John Gutfreund, Onetime ‘King of Wall Street,’ Dies at 86
John Gutfreund, a onetime “King of Wall Street” and former chief executive officer of Salomon Brothers, has died at the age of 86.
He died of complications from pneumonia at New York-Presbyterian Weill Cornell Medical Center, his youngest son, John Peter Gutfreund, said by telephone.
Gutfreund was dubbed the “King of Wall Street” by Business Week in 1985, as Salomon revolutionized bond trading. The firm played a critical role in creating mortgage-backed securities, among other innovations.
The cigar-smoking financier was immortalized in Michael Lewis’s “Liar’s Poker,” one of the seminal books about Wall Street, written in 1989.
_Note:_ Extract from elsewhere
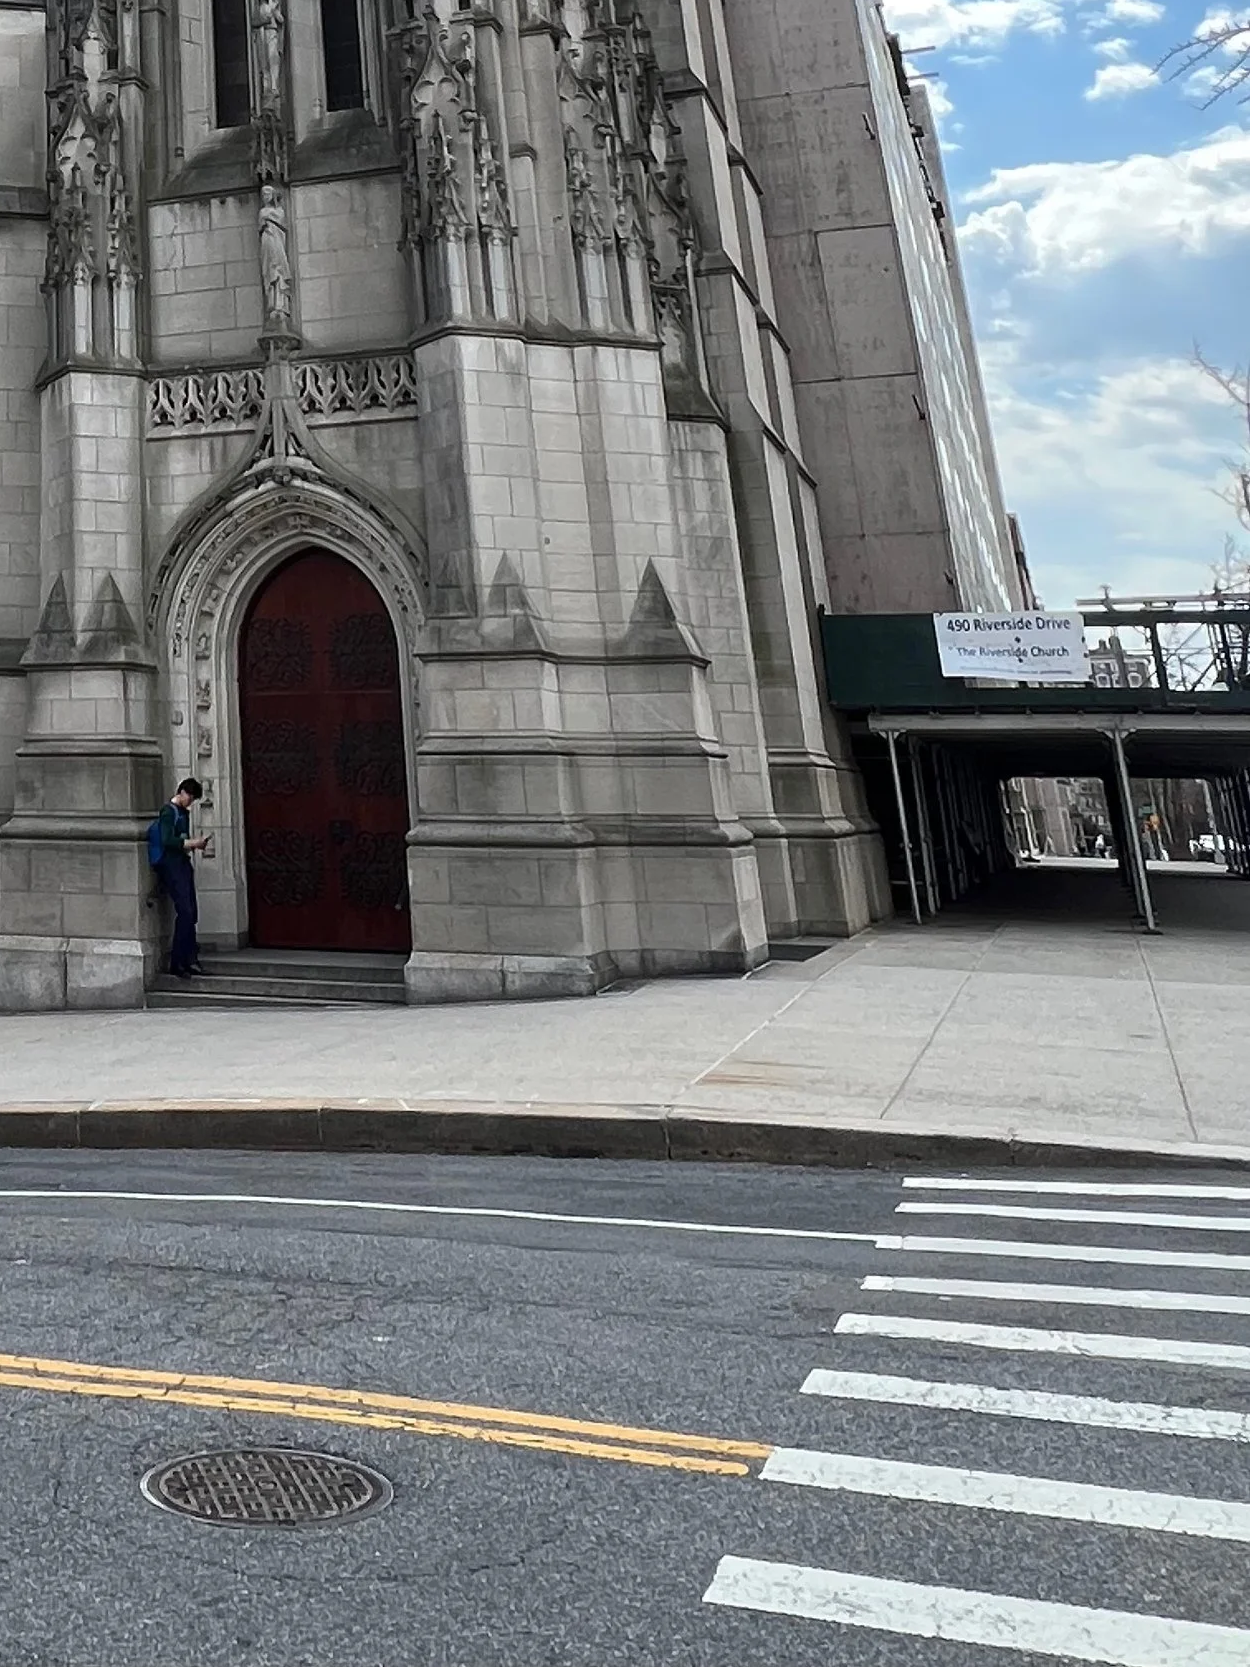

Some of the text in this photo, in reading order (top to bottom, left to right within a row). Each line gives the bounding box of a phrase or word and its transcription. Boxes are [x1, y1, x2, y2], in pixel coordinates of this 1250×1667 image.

[947, 616, 1070, 631] 490 Riverside Drive
[957, 645, 1069, 658] The Riverside Church
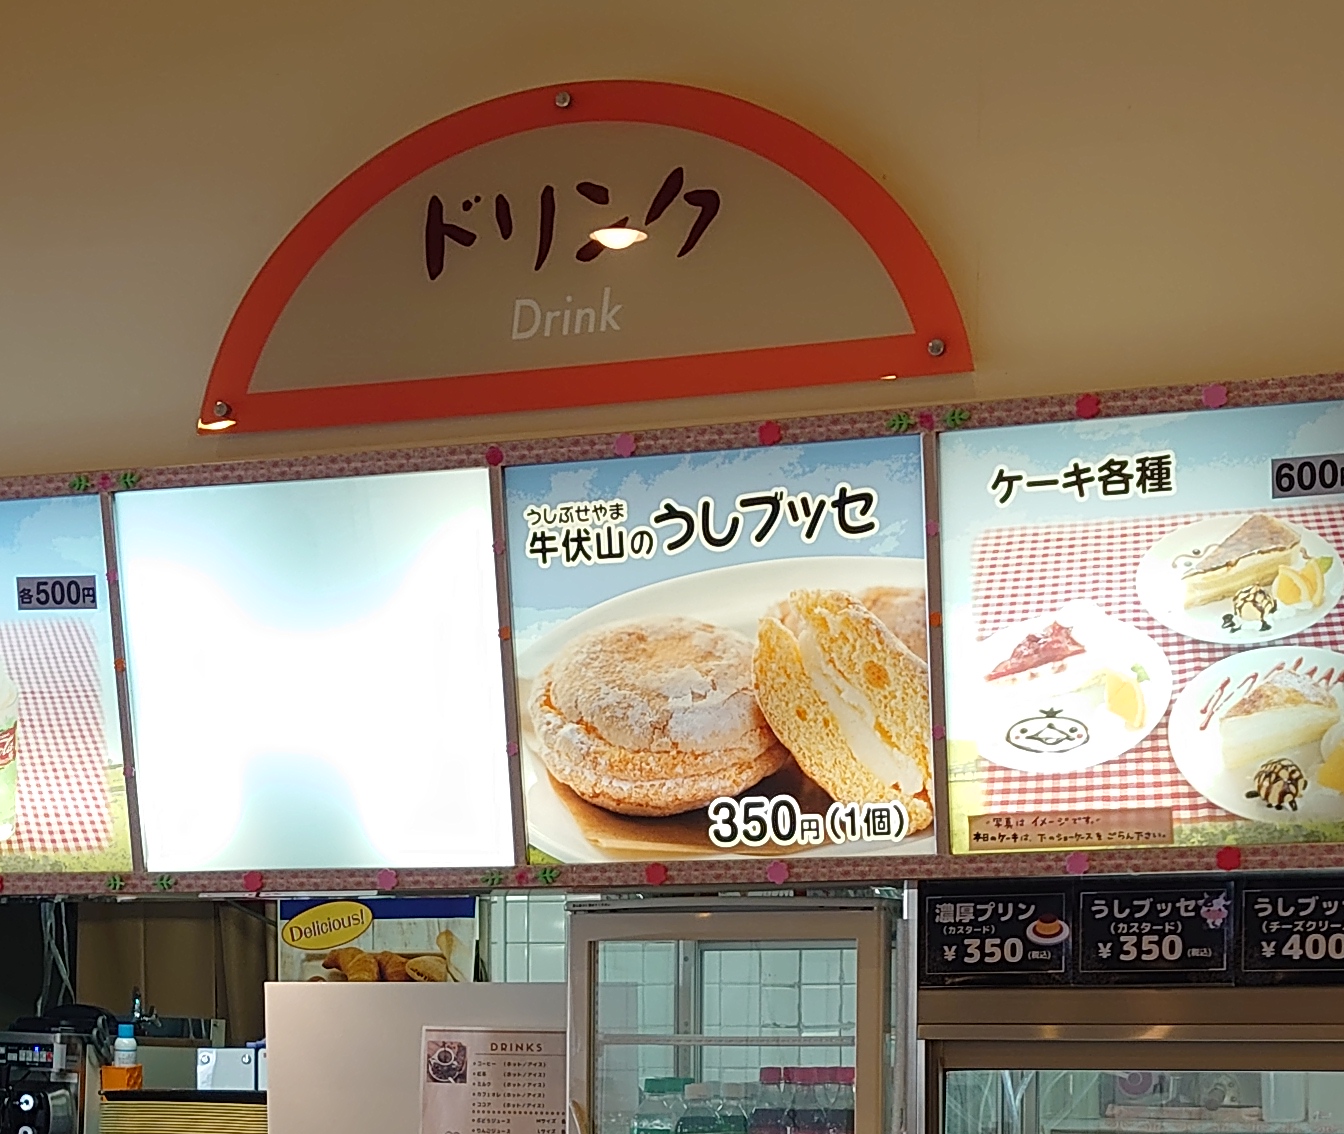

“He was a great manager, but it was a rough and tumble environment and he liked to throw a piece of meat in a cage and see who got it,” said Tom Bernard, a former Salomon bond trader described in Liar’s Poker as the “Human Piranha.”
“John Gutfreund hired and fired me – and I’m grateful he did both. Along with Billy Salomon, he was a mentor and friend who taught me about hard work, management, leadership, and philanthropy,” business magnate and former New York City mayor Michael Bloomberg said.
After joining Salomon Brothers as a trainee in the statistical department earning $45 per week in the 1950s, Gutfreund rose to head the firm in 1978.
Gutfreund took Salomon Brothers public and earned $40 million personally, according to Liar’s Poker. He was forced out in 1991 due to a Treasury bond trading scandal. Gutfreund earned $3.1 million in 1986, more than any other Wall Street CEO at the time.
“At any given moment on the trading floor billions of dollars were being risked by bond traders,” Lewis wrote in Liar’s Poker. “Gutfreund took the pulse of the place by simply wandering around it and asking questions of the traders. An eerie sixth sense guided him to wherever a crisis was unfolding. Gutfreund seemed able to smell money being lost.”
In addition to John Peter, Gutfreund is survived by sons Owen, Joshua and Nick, his second wife Susan, and four grandchildren.
The Wall Street Journal first reported Gutfreund’s death earlier on Wednesday.